Going cold turkey on TV and social media might seem drastic or unrealistic, but you don’t have to constantly surround yourself with it. Turn off push notifications from news apps on your phone, and try to only check them at predetermined times, once or twice a day. You can also set limits, using apps like Flipd, AppBlock, FocusMe, and others to lock yourself out of select apps after you cross a certain screen time threshold. Timing matters, too; Rutledge says reading bad news before bed contributes to sleeplessness, which only worsens stress and anxiety.

It’s also a good idea to cut down on the number of channels you’re viewing or accounts you follow, and make sure the ones you choose are delivering reliable facts. Too much slant can make your media experience even more anxiety-inducing.

“People need to be careful about what they’re watching, and say, ‘am I getting more information from this?’ and actively stop when there’s no more information to be had.”

“When you undermine trust in information, it increases conflict at the social level,” Rutledge says, “because everyone has their own story and there’s no overarching narrative. But all of these things conspire to raise the general anxiety and general stress level of pretty much the entire population.” Most news sources, Rutledge adds, have a tendency to rehash the same stories over and over. “People need to be careful about what they’re watching, and say, ‘am I getting more information from this?’ and actively stop when there’s no more information to be had.”

But even when you do take a break, Rutledge says, it’s important to do something that actually takes your mind off the negative. “You could stop watching the news and go to the grocery store with everyone in masks and people behind plexiglass and that’s going to be anxiety-provoking. It’s important to take deliberate actions to de-stress; to relax and find ways to reframe things.”

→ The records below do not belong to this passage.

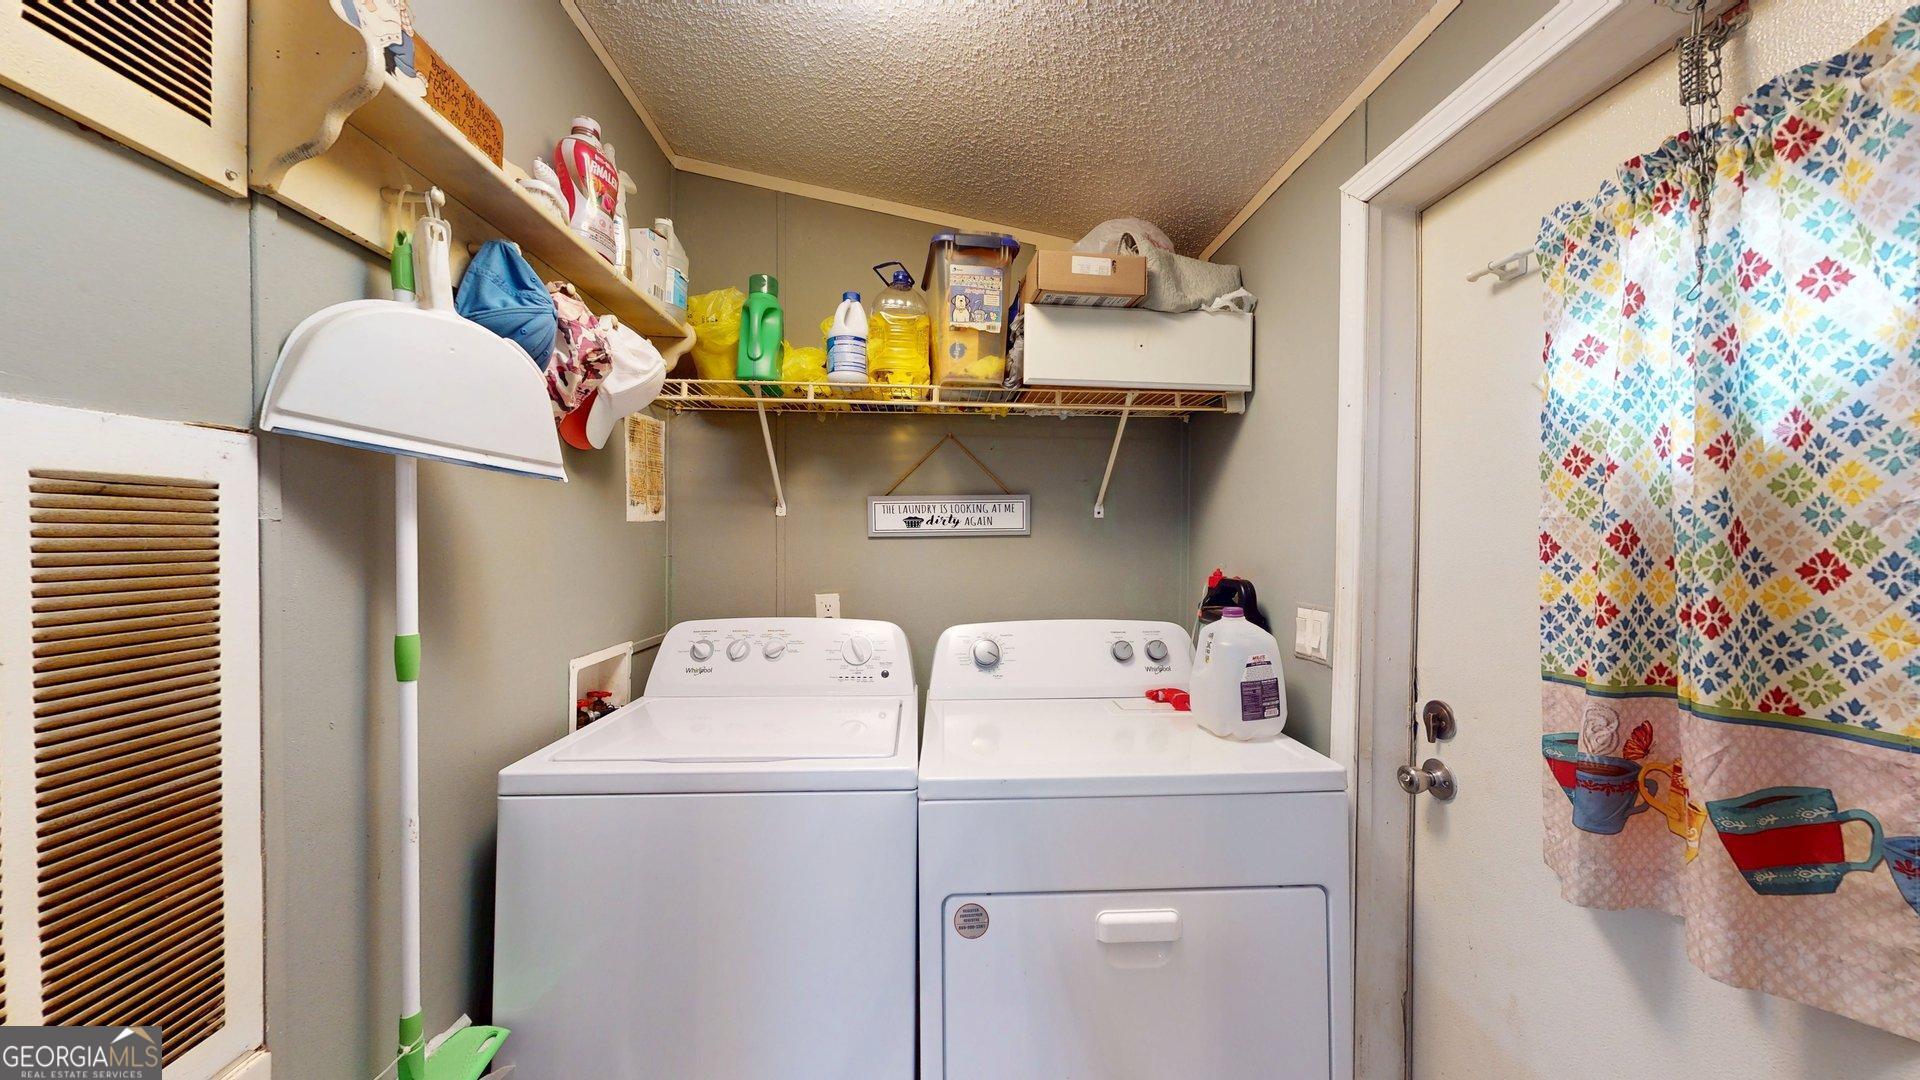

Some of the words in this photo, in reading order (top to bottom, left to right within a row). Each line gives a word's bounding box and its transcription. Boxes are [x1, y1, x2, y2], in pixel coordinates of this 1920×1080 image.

[882, 504, 895, 514] THE
[898, 504, 937, 514] LAUNDRY
[940, 504, 948, 514] IS
[950, 503, 988, 514] LOOKING
[991, 503, 1001, 514] AT
[1004, 503, 1015, 513] ME
[926, 514, 961, 528] dirty
[964, 516, 993, 526] AGAIN
[685, 666, 713, 676] Whirlpool
[1144, 664, 1172, 675] Whirlpool

That means finding sources of entertainment and distraction that let you check out — at least briefly — from current events. Watch Netflix, Rutledge suggests, go for a walk in the woods, or hang out with your mom on Zoom.

The more you monitor your consumption and cut down on the time spent reading or watching, the easier it becomes to break out of the bad news/anxiety cycle. In short, doomsurfing is bad, so knock it off. “Not knowing anything at all will make you anxious, but so will reading all bad news all the time,” Rutledge says. “So, figure out how to get as much news as you need to stay informed, and then turn it off and up your cat video consumption instead.”